Silvio Caccia Bava - Nosso mote é levar para a opinião publica brasileira uma análise competente do cenário internacional e da inclusão do país neste contexto: Novos paradigmas, limites de desenvolvimento e políticas públicas. Mais da metade de nosso conteúdo é de analise internacional, o restante está relacionado a temas pertinentes à realidade brasileira.
IMPRENSA - Para qual público o Le Monde é direcionado?
Bava - Nosso diálogo está direcionado para dois perfis. O de formadores de opinião - gestores públicos, professores universitários e pesquisadores. E, mais recentemente, estamos com presença também no meio diplomático. Outro público crescente é o dos jovens leitores, em função do aumento da presença do jornal nas universidades.

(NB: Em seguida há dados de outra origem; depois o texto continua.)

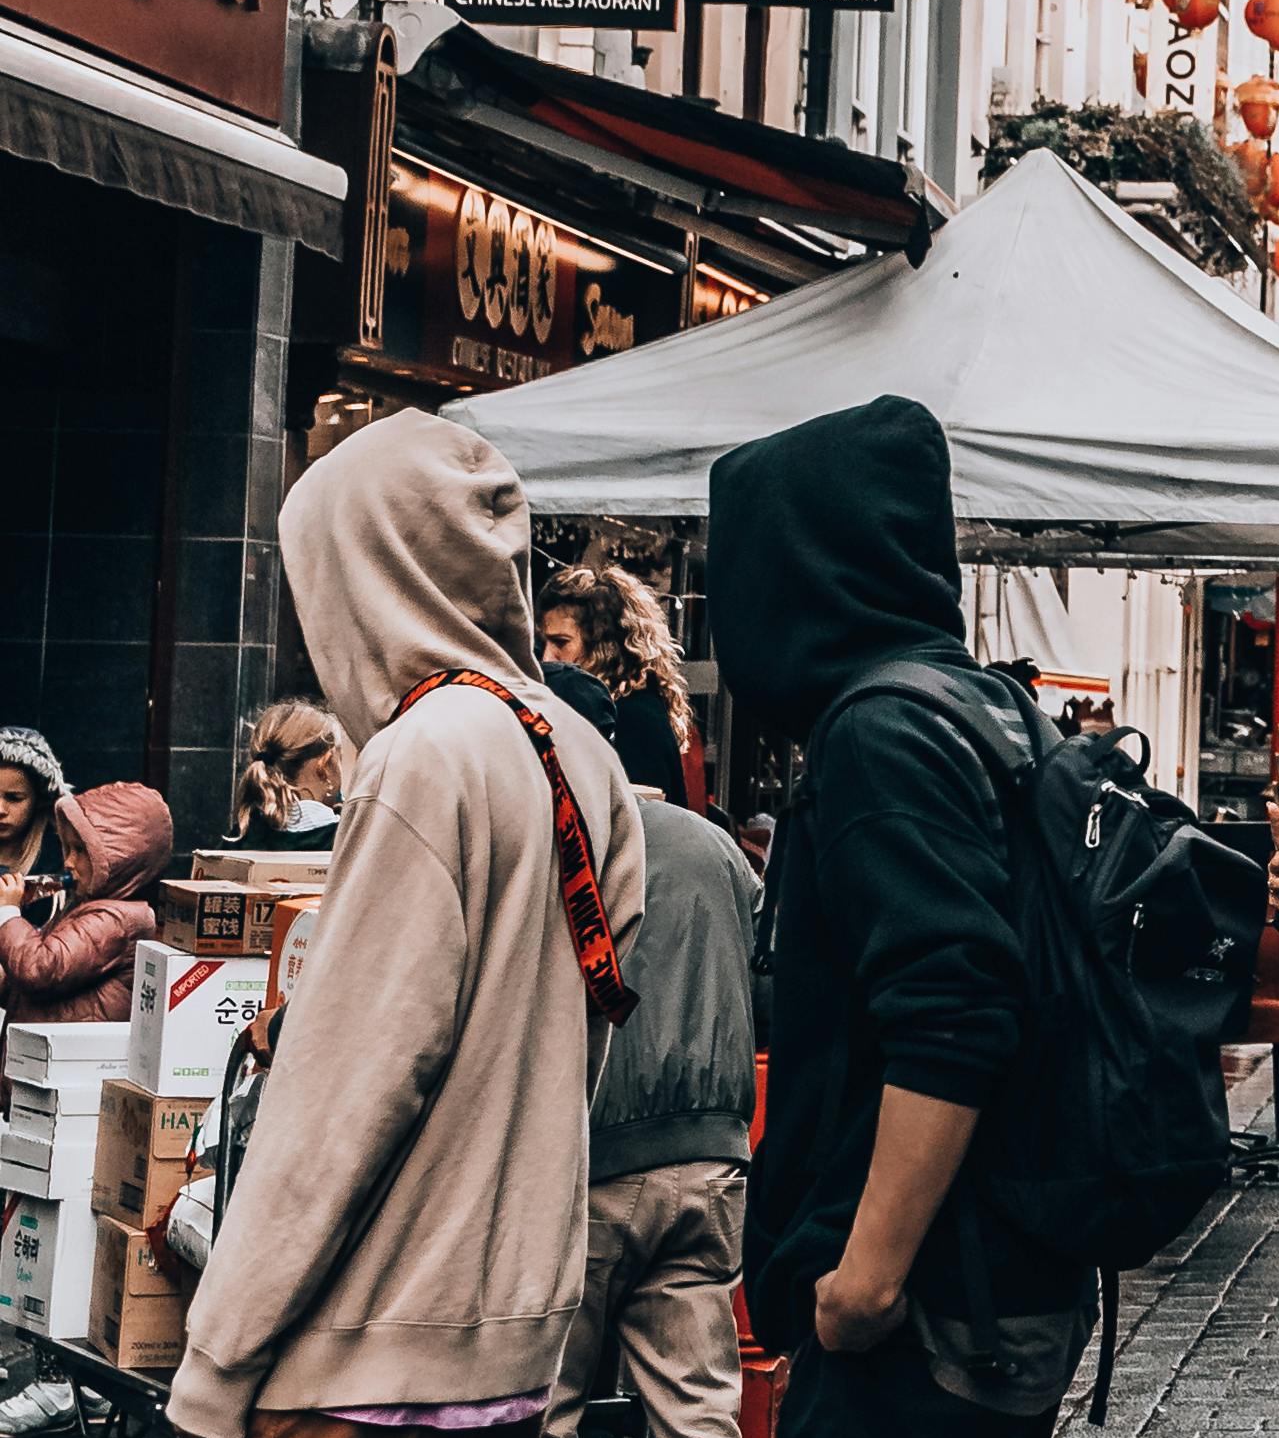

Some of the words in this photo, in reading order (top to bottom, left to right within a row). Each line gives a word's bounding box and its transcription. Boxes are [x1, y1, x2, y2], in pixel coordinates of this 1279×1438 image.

[204, 895, 241, 915] 罐装
[255, 902, 277, 923] 17
[172, 964, 211, 999] IMPORTED

IMPRENSA - A versão brasileira possui posicionamento político declarado?
Silvio Caccia Bava - Não temos um alinhamento político, mas sim uma postura de se identificar com o campo político democrático popular, com foco em questões sociais, equidade e justiça social.

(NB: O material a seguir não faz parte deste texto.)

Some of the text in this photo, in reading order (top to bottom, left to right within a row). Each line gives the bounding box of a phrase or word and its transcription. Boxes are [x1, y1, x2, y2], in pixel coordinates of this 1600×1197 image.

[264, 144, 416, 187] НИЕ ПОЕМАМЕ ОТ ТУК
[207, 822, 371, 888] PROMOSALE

IMPRENSA - Pode-se qualificá-lo como um veículo alternativo?
Bava - Apesar de muitos acharem isso, nós não queremos ficar no gueto dos alternativos. Até porque temos uma tiragem de 40 mil exemplares mensais e particularmente eu não vejo nenhum outro veículo como concorrente. Nosso formato é único. Temos cerca de 60 mil leitores, muito mais do que todos os outros alternativos.
IMPRENSA - Considerando o aumento da audiência jovem, não existe uma preocupação em produzir um jornal mais leve?

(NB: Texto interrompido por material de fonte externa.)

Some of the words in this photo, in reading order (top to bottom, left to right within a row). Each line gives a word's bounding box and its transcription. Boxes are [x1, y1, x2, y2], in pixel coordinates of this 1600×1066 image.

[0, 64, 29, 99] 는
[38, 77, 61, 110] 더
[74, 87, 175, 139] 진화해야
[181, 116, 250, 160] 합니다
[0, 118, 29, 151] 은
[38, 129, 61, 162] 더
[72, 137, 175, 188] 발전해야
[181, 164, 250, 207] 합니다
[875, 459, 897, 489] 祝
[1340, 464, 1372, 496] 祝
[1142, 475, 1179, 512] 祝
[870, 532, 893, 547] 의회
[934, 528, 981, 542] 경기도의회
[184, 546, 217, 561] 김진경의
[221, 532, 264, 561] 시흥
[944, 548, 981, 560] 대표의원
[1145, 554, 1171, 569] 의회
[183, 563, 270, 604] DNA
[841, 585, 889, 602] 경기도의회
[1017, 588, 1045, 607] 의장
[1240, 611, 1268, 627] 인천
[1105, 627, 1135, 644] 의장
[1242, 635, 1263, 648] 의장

Bava - Admitimos que o Diplô ainda é um jornal pesado, mas nosso diferencial é que não tratamos o factual. Nossos artigos podem ser consultados após muitos anos. Isso eu considero importante, a profundidade é levada a sério. Claro que a questão é dar equilíbrio. Outra coisa é a ilustração, zelamos por essa parte do jornal, ela é muito importante. Além disso, com diversas frentes em novas tecnologias, estamos também em meios e formatos digitais variados. Hoje nosso conteúdo está aberto e disponível no site.
IMPRENSA - Como é a questão de anúncios?
Bava - Relativa. Podemos tanto trabalhar com um projeto em formato de informe publicitário, como formatos de conteúdo, como já fizemos com o governo do Acre. Temos também um vínculo importante junto ao Conselho Latino Americano de Ciências Sociais (Clacso), que conta com o apoio do BNDES, e publicamos matérias em parceria quase todos os meses.
IMPRENSA - Vocês possuem um conselho com diversos profissionais, acadêmicos e inclusive jornalistas. Qual a relação deles com o editorial?
Bava - Sim. Temos jornalistas como o Heródoto Barbeiro e o Juca Kfouri, além de muitos outros profissionais. Na verdade não é um conselho com base em funções, mas sim em temáticas. Ele se reúne e tem muita presença nos temas do jornal. Apesar de os encontros não serem frequentes.
IMPRENSA - Quais os planos de vocês para o futuro?
Bava - Nossa ideia é se estabelecer e equilibrar nosso DNA: análise com leveza e linguagem mais acessível. Além disso, temos uma relação muito boa com os outros " Diplôs " pelo mundo. Inclusive, nos preparamos para receber em junho, virão ao Brasil vários representantes das edições internacionais. Atualmente são publicações em 41 países, somando cerca de um milhão e meio de exemplares.